Tightening of Hong Kong’s competition laws to cover mergers on the horizon, says Competition Commission chairwoman
- Mergers that greatly reduce competition likely to be targeted in any future law
- Investigating the alliance of four of five terminal operators at Hong Kong port will be a priority for the commission this year
Hong Kong’s competition law could be tightened if ongoing talks about it covering mergers across all industries, as well as statutory bodies, bear fruit.
On Wednesday, Competition Commission chairwoman Anna Wu Hung-yuk revealed that the body was reviewing the Competition Ordinance with the government, about three years after the law came in.

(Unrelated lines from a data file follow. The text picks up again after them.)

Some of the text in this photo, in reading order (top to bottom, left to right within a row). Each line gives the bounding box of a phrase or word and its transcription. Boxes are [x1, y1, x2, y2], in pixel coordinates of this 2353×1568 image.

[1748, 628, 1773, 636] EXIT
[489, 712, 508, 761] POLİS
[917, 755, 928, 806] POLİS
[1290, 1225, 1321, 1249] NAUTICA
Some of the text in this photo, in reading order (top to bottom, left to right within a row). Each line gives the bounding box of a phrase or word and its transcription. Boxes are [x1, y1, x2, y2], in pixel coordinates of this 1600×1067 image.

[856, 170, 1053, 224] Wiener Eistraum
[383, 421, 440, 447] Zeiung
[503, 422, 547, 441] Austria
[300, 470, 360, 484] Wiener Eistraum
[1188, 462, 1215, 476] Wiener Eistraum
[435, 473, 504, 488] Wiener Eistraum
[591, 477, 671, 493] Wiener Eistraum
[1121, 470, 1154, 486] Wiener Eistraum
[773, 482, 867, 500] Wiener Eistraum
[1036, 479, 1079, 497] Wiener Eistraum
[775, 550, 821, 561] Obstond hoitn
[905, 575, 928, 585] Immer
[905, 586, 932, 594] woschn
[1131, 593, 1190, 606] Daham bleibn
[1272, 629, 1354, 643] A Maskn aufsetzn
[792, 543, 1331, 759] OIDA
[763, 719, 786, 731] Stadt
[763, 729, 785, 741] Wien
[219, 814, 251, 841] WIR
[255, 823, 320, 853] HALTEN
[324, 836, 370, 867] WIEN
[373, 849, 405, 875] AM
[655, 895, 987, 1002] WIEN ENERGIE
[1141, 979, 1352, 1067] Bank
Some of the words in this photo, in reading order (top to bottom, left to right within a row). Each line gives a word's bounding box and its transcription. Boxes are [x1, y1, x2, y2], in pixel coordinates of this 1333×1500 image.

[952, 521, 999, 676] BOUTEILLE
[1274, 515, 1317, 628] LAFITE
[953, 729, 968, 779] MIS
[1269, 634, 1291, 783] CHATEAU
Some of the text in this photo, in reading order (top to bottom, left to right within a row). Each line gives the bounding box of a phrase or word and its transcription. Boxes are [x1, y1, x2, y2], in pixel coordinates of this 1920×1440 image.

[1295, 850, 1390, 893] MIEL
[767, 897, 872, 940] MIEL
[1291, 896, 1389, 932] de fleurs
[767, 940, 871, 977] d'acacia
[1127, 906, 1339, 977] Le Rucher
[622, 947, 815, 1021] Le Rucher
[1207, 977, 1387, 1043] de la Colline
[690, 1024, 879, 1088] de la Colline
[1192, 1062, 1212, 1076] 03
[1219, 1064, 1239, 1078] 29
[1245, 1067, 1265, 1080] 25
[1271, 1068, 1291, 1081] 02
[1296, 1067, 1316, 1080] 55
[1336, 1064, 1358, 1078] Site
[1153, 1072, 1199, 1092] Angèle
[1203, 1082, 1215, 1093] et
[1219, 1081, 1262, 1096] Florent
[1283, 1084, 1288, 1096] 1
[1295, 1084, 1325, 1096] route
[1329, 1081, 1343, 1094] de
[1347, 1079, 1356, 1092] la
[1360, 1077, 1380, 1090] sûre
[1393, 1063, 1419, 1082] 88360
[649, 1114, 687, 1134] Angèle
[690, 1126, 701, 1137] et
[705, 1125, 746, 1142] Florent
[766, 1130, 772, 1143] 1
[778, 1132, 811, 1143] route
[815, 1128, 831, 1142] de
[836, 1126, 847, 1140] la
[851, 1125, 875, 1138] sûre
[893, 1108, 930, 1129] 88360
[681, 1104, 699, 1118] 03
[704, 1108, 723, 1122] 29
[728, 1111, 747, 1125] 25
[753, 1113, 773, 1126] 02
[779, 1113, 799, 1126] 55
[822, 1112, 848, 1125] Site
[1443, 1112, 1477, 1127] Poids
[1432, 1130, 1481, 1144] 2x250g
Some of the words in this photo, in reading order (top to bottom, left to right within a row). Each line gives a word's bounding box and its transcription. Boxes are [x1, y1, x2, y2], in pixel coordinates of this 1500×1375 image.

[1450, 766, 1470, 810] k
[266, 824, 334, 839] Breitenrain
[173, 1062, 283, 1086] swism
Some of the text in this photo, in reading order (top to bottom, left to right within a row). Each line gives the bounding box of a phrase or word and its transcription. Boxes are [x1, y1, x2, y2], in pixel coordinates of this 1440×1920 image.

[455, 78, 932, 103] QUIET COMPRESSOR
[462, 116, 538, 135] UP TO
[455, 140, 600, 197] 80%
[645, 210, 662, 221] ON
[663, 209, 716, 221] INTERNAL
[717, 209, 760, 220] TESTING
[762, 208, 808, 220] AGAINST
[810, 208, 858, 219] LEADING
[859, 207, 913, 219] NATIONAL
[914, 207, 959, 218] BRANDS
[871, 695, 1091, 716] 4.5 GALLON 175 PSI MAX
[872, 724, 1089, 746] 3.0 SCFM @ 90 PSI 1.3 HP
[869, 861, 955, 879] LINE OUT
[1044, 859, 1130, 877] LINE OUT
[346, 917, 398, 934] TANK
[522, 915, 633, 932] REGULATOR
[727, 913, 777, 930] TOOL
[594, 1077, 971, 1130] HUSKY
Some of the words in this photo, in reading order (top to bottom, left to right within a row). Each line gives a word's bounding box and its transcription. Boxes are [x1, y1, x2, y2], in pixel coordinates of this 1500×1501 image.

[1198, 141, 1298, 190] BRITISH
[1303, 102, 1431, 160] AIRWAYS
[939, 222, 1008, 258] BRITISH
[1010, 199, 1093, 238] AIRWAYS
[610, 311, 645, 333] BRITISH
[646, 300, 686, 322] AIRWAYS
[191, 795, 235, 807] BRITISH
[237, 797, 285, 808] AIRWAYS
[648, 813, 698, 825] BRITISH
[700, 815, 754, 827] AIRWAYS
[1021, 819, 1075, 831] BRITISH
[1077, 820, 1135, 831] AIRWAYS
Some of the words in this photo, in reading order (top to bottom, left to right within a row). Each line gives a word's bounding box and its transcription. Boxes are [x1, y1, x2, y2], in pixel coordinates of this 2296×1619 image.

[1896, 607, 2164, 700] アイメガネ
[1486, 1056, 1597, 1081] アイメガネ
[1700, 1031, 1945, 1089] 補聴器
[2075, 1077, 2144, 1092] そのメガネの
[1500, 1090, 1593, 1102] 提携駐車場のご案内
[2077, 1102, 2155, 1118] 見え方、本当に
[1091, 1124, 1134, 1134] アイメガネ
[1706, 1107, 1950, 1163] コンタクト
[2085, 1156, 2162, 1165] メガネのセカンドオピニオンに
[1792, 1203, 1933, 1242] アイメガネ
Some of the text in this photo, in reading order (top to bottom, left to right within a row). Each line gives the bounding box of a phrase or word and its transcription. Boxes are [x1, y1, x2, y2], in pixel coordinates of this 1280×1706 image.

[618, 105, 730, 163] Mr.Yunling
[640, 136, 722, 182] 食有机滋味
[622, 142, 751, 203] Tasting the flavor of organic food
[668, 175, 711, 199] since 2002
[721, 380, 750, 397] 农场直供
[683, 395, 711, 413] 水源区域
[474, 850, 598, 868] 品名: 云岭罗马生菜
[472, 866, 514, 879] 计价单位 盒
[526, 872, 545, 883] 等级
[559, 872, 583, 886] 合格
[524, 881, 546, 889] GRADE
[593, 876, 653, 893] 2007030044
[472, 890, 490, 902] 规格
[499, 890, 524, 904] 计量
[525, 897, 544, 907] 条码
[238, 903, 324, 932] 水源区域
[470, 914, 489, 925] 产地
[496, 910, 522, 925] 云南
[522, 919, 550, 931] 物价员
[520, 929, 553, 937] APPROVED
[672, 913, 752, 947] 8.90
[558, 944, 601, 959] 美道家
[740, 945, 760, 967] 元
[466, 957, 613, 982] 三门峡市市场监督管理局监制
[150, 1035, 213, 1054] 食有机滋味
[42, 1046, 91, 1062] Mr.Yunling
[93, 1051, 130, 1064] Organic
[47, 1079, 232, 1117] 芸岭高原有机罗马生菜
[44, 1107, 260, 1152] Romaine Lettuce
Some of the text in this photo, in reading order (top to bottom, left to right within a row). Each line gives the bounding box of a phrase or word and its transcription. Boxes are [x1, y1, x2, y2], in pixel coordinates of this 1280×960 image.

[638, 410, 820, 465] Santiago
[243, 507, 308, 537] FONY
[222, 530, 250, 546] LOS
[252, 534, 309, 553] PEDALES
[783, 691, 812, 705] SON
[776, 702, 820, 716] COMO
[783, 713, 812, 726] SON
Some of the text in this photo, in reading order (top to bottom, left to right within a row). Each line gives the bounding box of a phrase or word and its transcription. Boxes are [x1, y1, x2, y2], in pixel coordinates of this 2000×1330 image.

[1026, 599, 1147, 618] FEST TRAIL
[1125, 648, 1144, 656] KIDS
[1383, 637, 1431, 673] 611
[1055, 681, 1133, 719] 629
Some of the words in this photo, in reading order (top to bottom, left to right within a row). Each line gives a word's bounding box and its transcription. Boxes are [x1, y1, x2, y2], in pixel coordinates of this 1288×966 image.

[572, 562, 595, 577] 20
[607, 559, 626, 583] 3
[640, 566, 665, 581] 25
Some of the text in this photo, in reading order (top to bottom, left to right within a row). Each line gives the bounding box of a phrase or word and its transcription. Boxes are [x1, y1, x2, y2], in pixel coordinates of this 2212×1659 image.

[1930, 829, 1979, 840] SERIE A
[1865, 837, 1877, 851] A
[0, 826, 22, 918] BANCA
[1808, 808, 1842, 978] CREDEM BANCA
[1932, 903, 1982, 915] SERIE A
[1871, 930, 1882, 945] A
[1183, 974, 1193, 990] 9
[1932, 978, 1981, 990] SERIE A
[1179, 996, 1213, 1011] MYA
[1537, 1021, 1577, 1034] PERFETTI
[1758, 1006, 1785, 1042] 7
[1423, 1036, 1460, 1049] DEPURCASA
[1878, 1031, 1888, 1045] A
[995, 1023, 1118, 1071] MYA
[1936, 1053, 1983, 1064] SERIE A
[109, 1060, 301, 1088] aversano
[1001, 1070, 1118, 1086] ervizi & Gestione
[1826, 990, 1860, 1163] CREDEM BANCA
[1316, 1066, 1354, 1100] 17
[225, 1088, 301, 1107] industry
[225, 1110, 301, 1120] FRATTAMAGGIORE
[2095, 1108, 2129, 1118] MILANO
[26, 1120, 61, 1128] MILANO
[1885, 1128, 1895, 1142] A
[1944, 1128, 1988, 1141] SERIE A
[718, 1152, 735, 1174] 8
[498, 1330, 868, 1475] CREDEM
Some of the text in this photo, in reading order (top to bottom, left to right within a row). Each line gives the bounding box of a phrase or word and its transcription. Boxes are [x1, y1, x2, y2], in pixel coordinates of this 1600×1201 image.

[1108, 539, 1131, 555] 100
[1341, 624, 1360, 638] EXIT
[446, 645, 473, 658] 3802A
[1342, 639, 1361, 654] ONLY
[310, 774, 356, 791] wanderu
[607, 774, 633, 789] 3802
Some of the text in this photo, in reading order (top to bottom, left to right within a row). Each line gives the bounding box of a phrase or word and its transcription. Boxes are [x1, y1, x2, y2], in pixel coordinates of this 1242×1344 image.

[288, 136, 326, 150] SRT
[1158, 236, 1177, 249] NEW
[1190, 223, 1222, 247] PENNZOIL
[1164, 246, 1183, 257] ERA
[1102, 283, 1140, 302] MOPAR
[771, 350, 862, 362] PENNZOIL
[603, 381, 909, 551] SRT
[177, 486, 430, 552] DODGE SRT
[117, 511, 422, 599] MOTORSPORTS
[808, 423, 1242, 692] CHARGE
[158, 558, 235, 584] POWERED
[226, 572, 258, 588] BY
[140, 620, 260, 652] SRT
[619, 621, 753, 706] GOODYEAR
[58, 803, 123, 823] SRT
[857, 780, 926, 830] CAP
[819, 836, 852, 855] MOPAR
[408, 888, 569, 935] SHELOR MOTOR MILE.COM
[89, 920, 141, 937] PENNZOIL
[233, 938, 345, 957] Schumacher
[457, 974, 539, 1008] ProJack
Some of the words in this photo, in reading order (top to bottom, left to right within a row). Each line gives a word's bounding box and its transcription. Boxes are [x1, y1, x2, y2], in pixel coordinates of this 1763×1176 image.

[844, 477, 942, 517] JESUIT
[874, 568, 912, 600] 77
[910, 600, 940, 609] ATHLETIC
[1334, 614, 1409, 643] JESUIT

Wu said one of the topics she would bring up was widening the law’s scope to regulate mergers likely to greatly reduce competition in Hong Kong across all sectors, rather than only applying to telecoms companies as it currently does. But she saw challenges ahead.
“Handling the issue over merging will be the most difficult. It touches on the interest of the business sector,” she said.
Other possibilities for talks included abolishing the ordinance’s exemption for statutory bodies, allowing individuals to sue for anticompetitive conduct rather than having to go through the commission, and giving the regulator the power to demand documents from firms if needed.
Wu hoped the four topics could be looked at again, but she said the government had the final say on any changes.